_DATA EXTRACT_
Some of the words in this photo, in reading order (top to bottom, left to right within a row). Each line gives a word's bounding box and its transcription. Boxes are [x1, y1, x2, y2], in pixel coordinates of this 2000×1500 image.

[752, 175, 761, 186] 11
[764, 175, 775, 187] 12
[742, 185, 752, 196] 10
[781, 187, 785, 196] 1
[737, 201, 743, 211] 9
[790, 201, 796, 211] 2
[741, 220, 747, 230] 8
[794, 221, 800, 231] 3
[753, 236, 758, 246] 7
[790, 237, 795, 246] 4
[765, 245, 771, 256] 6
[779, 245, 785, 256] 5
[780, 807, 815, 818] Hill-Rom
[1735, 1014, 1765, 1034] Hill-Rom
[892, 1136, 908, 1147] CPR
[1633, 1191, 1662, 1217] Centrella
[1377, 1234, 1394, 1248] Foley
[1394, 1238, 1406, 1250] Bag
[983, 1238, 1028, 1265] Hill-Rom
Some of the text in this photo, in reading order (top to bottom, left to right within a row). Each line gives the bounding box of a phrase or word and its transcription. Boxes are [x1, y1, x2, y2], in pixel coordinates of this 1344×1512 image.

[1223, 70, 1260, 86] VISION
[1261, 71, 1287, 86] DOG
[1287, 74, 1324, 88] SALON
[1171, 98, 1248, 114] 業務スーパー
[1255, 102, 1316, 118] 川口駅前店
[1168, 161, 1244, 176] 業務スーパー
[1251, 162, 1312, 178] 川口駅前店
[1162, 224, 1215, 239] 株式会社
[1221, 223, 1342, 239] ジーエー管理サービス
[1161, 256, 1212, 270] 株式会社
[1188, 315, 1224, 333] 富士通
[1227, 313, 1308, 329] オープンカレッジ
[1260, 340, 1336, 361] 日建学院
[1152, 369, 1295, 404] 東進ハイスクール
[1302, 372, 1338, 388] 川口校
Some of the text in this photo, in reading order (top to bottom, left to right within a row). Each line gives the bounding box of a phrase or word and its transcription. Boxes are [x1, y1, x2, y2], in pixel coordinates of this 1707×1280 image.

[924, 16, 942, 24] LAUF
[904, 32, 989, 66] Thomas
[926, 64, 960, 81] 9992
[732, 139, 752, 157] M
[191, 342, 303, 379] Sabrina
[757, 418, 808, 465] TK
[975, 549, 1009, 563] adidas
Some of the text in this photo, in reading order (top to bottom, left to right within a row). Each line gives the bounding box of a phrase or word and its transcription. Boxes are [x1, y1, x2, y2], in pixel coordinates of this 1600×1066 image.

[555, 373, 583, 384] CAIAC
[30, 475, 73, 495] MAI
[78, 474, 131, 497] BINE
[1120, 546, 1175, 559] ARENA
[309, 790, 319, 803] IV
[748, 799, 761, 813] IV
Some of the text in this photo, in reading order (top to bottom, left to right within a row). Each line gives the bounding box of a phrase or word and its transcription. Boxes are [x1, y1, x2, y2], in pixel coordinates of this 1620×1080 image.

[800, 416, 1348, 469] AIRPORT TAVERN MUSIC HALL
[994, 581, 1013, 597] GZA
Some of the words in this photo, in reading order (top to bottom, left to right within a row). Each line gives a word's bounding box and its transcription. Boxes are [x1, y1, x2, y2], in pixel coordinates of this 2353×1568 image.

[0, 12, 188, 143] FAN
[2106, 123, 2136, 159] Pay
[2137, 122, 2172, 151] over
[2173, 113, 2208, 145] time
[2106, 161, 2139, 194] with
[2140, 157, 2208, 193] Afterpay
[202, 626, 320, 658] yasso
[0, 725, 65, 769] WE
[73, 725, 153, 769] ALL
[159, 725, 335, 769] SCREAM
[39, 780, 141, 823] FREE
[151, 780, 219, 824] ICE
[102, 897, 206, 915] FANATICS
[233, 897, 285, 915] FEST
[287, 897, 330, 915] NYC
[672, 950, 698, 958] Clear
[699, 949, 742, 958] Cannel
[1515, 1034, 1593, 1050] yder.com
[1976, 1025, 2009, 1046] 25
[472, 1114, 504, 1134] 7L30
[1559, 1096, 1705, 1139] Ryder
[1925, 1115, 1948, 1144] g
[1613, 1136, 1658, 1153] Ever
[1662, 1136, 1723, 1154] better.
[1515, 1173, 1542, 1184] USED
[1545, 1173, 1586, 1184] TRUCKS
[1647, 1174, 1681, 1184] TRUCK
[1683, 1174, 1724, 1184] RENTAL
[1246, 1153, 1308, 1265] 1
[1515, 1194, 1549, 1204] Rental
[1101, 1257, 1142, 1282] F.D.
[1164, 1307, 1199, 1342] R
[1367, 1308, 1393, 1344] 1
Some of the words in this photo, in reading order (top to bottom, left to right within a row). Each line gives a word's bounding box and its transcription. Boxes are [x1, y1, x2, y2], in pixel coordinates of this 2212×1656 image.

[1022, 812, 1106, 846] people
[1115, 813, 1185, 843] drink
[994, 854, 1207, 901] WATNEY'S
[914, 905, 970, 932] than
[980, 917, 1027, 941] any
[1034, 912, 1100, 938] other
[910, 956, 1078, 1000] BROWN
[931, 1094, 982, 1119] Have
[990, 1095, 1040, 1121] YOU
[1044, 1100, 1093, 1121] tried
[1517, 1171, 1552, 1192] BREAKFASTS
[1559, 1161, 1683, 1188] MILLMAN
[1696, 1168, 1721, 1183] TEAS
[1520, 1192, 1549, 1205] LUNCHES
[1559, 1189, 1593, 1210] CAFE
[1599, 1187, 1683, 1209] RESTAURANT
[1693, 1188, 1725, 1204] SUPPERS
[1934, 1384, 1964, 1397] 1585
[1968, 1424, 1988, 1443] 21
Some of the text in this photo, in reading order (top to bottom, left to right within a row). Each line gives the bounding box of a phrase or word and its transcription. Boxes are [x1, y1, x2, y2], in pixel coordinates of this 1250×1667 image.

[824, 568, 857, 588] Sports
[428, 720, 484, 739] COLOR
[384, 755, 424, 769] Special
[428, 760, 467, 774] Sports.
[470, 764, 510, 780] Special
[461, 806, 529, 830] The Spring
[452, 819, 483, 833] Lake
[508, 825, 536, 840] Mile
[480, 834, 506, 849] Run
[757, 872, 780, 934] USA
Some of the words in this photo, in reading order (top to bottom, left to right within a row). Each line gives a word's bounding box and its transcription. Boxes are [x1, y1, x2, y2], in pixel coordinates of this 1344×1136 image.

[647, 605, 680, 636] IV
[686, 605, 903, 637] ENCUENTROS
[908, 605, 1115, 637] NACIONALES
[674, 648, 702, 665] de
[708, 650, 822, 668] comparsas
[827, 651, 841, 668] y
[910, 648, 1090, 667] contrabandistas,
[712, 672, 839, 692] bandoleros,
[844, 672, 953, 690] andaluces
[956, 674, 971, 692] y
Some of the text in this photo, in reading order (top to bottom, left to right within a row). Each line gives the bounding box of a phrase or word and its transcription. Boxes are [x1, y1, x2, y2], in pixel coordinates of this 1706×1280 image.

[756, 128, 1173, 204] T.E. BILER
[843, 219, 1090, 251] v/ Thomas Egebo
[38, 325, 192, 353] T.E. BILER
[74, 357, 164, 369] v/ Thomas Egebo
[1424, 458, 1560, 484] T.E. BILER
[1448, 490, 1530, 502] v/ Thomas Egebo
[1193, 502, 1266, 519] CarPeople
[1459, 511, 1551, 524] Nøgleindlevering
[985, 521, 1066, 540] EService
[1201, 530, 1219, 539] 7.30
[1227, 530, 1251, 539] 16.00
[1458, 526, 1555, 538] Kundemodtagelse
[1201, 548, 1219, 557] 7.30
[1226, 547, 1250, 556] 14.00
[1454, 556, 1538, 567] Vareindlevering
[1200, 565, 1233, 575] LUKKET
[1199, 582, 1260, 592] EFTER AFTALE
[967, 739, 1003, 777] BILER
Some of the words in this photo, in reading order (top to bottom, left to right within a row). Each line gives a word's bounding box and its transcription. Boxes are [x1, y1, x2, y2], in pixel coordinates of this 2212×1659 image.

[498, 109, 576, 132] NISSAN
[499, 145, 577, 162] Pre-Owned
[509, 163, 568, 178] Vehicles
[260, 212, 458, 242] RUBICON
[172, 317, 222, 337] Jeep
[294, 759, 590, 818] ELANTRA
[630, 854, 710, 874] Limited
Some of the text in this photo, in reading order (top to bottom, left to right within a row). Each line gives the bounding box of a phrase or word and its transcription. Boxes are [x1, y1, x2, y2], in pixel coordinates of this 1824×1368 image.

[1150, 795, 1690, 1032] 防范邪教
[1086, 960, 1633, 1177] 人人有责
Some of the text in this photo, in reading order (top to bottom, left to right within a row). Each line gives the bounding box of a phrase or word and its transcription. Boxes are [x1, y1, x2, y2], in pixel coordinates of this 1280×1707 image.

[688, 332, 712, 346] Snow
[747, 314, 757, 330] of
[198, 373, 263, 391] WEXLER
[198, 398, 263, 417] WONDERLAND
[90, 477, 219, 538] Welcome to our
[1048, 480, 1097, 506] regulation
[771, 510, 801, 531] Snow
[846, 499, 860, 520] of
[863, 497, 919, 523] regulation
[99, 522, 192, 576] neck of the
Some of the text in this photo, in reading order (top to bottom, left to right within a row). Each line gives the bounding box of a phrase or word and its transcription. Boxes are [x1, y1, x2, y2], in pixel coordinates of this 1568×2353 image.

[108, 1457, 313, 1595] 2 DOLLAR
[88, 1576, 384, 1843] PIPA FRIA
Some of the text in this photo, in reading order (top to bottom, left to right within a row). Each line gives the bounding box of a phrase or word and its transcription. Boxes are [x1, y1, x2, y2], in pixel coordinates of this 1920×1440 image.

_WORK TO COMPLETE_
Print exactly, and only, the lines running from the one that contains "this 1568×2353 image." to the last line of the records above.

_WRITTEN ANSWER_
Some of the text in this photo, in reading order (top to bottom, left to right within a row). Each line gives the bounding box of a phrase or word and its transcription. Boxes are [x1, y1, x2, y2], in pixel coordinates of this 1568×2353 image.

[108, 1457, 313, 1595] 2 DOLLAR
[88, 1576, 384, 1843] PIPA FRIA
Some of the text in this photo, in reading order (top to bottom, left to right within a row). Each line gives the bounding box of a phrase or word and its transcription. Boxes are [x1, y1, x2, y2], in pixel coordinates of this 1920×1440 image.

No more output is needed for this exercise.